• _Available records_:
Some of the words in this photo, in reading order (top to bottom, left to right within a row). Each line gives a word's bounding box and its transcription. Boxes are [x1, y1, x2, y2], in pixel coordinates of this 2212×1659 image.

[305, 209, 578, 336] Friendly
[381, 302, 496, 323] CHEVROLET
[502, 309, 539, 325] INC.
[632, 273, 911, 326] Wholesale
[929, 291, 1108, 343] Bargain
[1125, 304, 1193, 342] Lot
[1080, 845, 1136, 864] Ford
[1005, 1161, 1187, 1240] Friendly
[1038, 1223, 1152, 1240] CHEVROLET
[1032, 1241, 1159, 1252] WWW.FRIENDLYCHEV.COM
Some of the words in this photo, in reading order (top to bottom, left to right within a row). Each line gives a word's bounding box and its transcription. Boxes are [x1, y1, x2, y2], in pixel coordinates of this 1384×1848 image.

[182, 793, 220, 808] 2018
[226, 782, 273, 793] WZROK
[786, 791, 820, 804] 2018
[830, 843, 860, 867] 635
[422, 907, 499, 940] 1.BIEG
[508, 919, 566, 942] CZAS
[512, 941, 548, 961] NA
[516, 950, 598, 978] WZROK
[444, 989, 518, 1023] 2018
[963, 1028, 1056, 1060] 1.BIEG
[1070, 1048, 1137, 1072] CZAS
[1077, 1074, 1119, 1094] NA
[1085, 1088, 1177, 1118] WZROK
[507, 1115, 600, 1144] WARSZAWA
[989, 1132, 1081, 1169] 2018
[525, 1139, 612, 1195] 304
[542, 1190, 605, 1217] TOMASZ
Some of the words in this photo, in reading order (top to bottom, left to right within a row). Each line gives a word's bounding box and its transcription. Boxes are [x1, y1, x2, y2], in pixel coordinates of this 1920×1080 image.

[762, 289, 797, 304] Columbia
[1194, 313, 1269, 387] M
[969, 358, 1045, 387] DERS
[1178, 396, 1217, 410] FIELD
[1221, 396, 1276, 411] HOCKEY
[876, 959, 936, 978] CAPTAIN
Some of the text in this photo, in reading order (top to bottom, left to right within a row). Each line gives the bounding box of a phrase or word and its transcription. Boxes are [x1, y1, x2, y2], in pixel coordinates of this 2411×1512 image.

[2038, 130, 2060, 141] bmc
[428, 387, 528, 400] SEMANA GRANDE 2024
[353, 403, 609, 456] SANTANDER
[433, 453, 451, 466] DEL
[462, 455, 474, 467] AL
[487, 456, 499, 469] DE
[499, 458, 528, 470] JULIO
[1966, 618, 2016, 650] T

• _Instructions for the task_:
Exact copies of the lines from the one containing "Some of the text" through the end of the listing, both included, are the only thing wanted.

• _The completed task_:
Some of the text in this photo, in reading order (top to bottom, left to right within a row). Each line gives the bounding box of a phrase or word and its transcription. Boxes are [x1, y1, x2, y2], in pixel coordinates of this 2411×1512 image.

[2038, 130, 2060, 141] bmc
[428, 387, 528, 400] SEMANA GRANDE 2024
[353, 403, 609, 456] SANTANDER
[433, 453, 451, 466] DEL
[462, 455, 474, 467] AL
[487, 456, 499, 469] DE
[499, 458, 528, 470] JULIO
[1966, 618, 2016, 650] T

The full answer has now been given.